*Work request*: A word-for-word copy of the entries is the goal; leave out the pictures.

*Material for this task*:
******************************

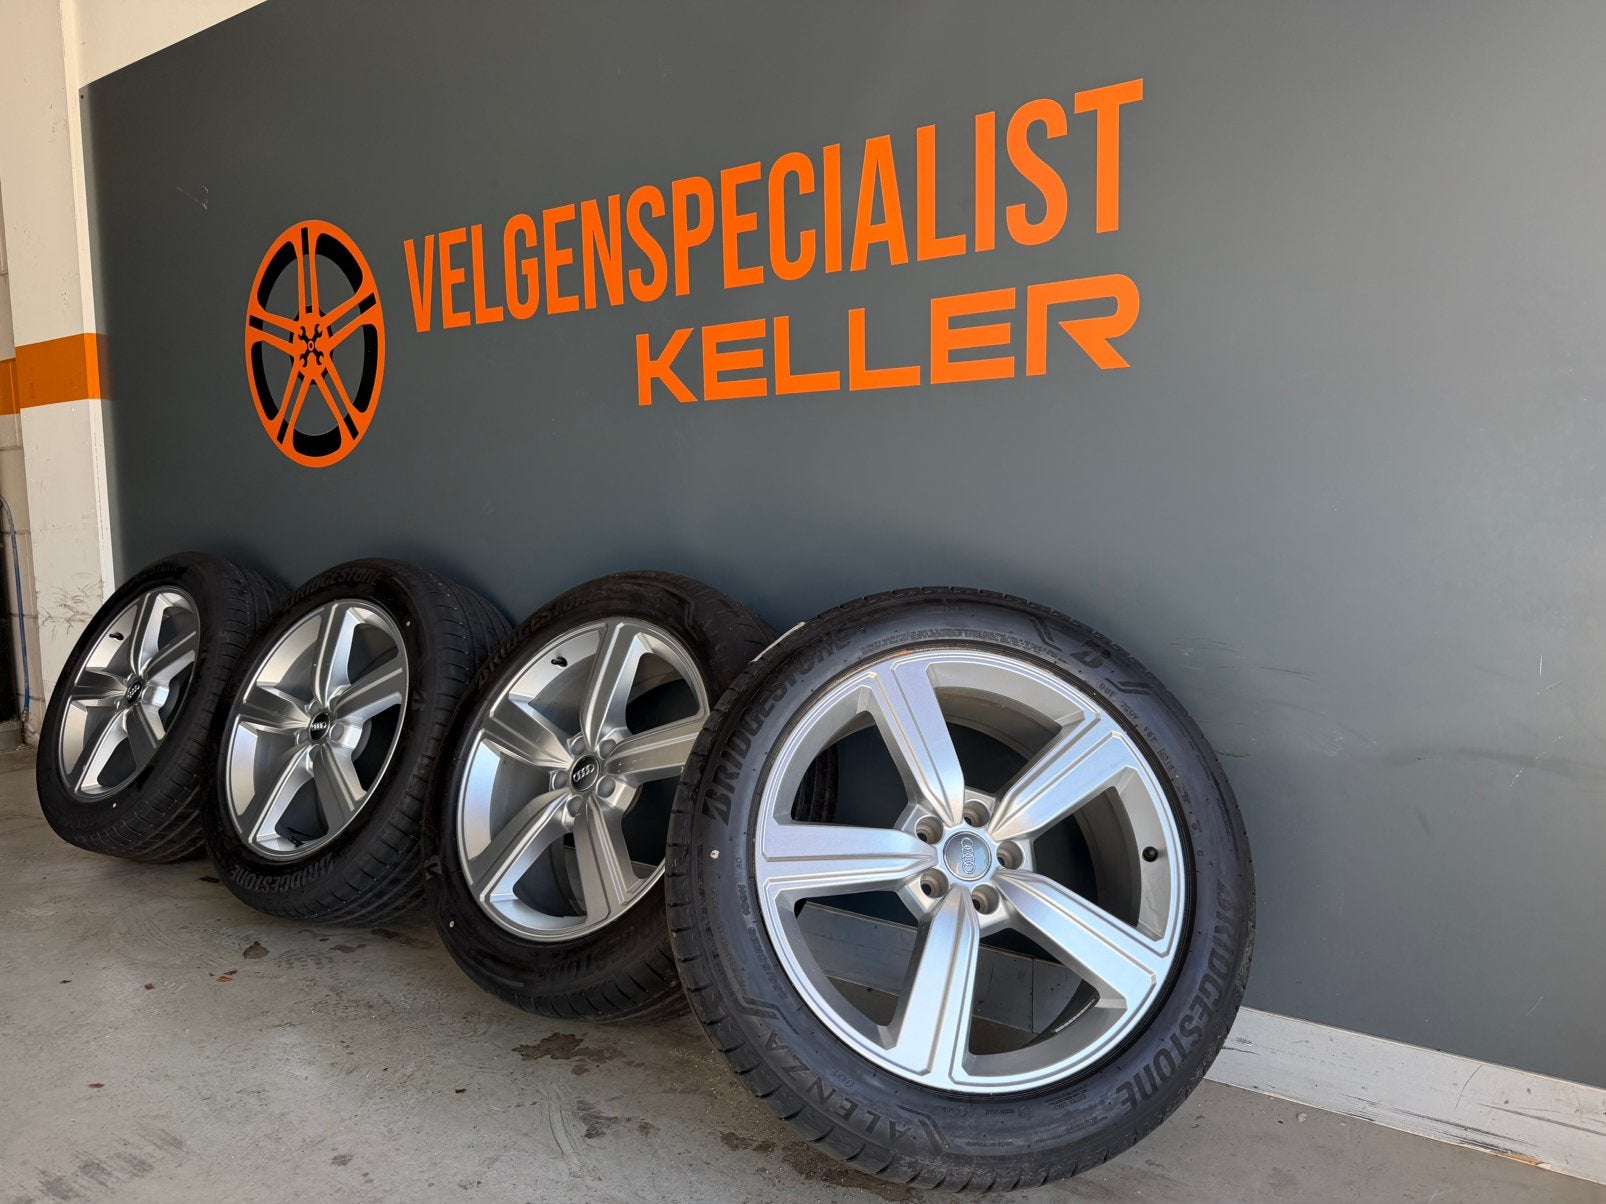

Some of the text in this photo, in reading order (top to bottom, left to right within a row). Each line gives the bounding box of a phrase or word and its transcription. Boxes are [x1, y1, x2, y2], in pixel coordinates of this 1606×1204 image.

[403, 78, 1143, 333] VELGENSPECIALIST
[636, 274, 1140, 406] KELLER
[702, 631, 850, 826] BRIDGESTONE
[763, 1031, 912, 1144] ALENZA
[1116, 879, 1236, 1112] BRIDGESTONE

******************************

*Task output*:
Some of the text in this photo, in reading order (top to bottom, left to right within a row). Each line gives the bounding box of a phrase or word and its transcription. Boxes are [x1, y1, x2, y2], in pixel coordinates of this 1606×1204 image.

[403, 78, 1143, 333] VELGENSPECIALIST
[636, 274, 1140, 406] KELLER
[702, 631, 850, 826] BRIDGESTONE
[763, 1031, 912, 1144] ALENZA
[1116, 879, 1236, 1112] BRIDGESTONE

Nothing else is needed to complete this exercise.